● **WORK INSTRUCTION**: Each entry below needs to be transcribed verbatim; the images should not appear.

● **SUPPLIED DATA**:
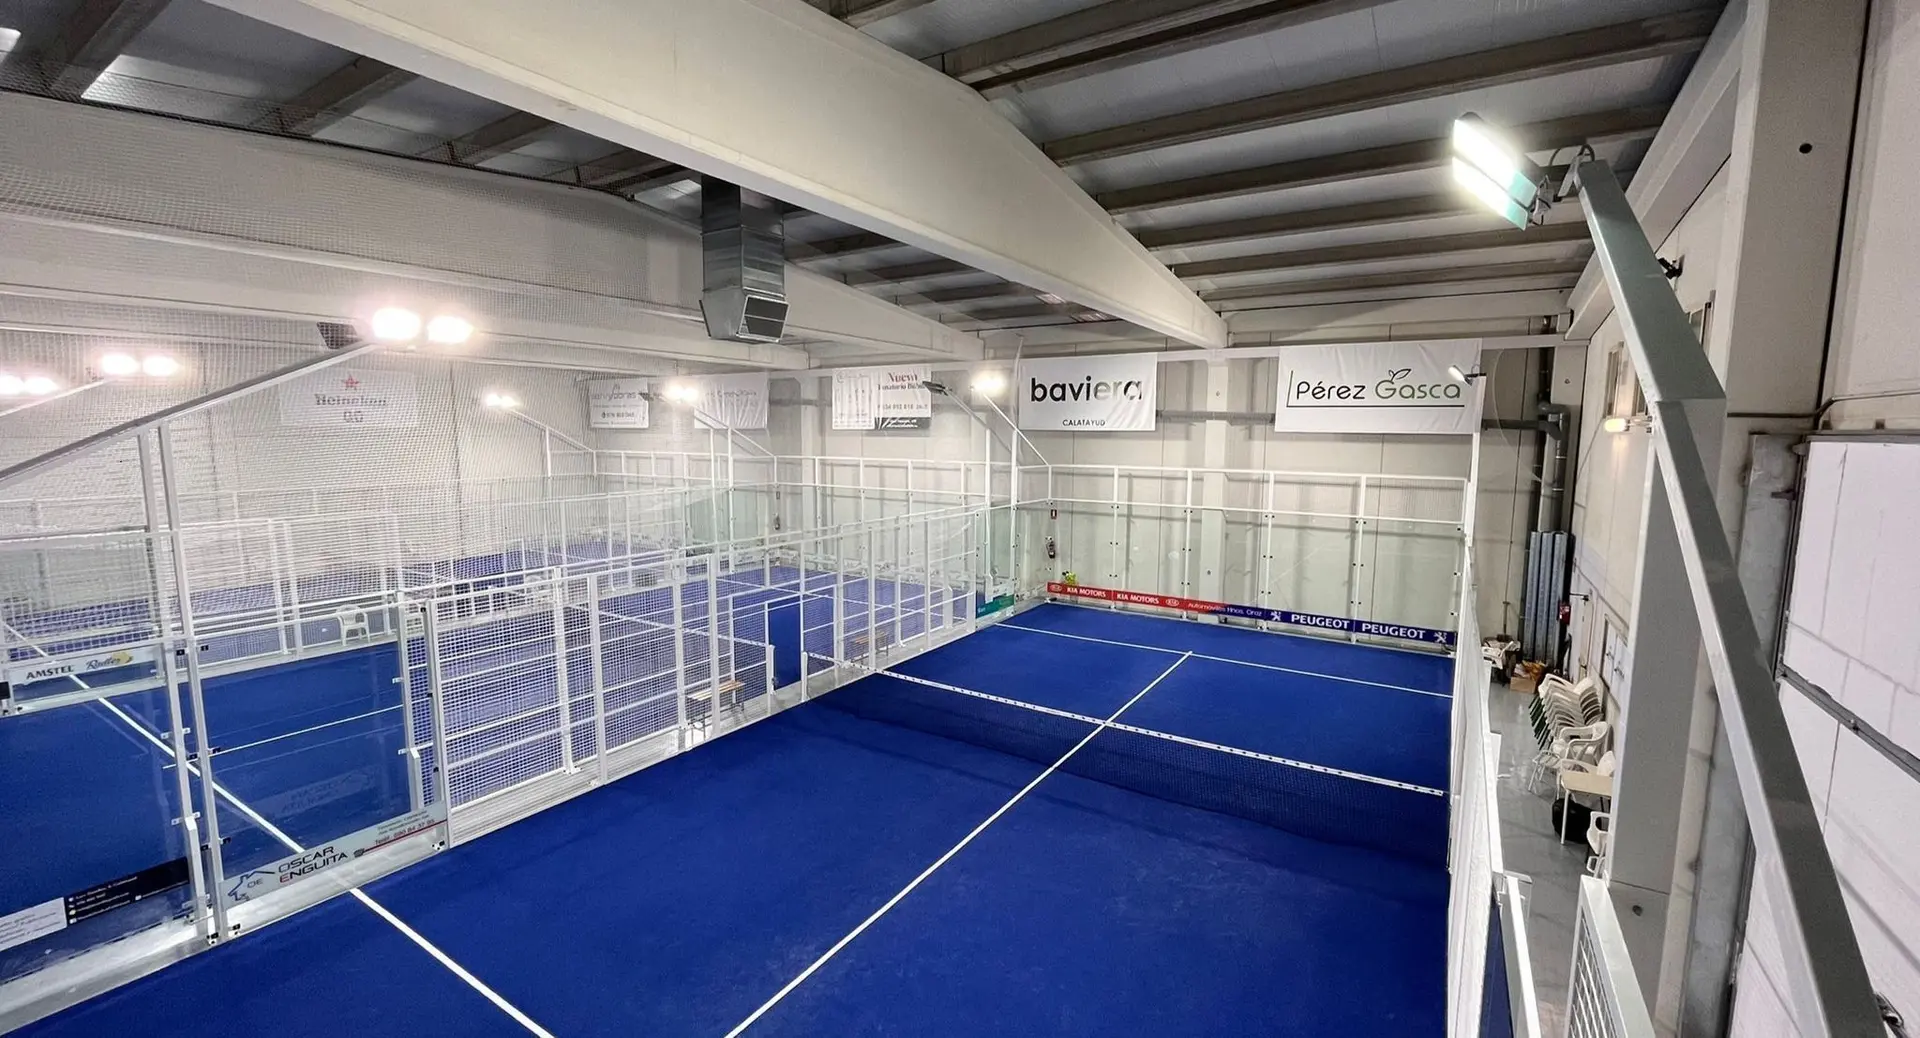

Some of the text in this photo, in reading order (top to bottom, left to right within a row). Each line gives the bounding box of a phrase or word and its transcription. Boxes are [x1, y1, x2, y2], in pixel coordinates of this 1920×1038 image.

[1030, 375, 1142, 402] baviera
[1296, 379, 1461, 400] Pérez Gasca
[1062, 419, 1106, 427] CALATAYUD
[1066, 586, 1106, 598] KIA MOTORS
[1116, 593, 1160, 605] KIA MOTORS
[1291, 614, 1349, 629] PEUGEOT
[1362, 623, 1425, 639] PEUGEOT
[26, 665, 75, 680] AMSTEL
[278, 846, 335, 873] OSCAR
[280, 852, 349, 883] ENGUITA

● **ANSWER TO THIS TASK**:
Some of the text in this photo, in reading order (top to bottom, left to right within a row). Each line gives the bounding box of a phrase or word and its transcription. Boxes are [x1, y1, x2, y2], in pixel coordinates of this 1920×1038 image.

[1030, 375, 1142, 402] baviera
[1296, 379, 1461, 400] Pérez Gasca
[1062, 419, 1106, 427] CALATAYUD
[1066, 586, 1106, 598] KIA MOTORS
[1116, 593, 1160, 605] KIA MOTORS
[1291, 614, 1349, 629] PEUGEOT
[1362, 623, 1425, 639] PEUGEOT
[26, 665, 75, 680] AMSTEL
[278, 846, 335, 873] OSCAR
[280, 852, 349, 883] ENGUITA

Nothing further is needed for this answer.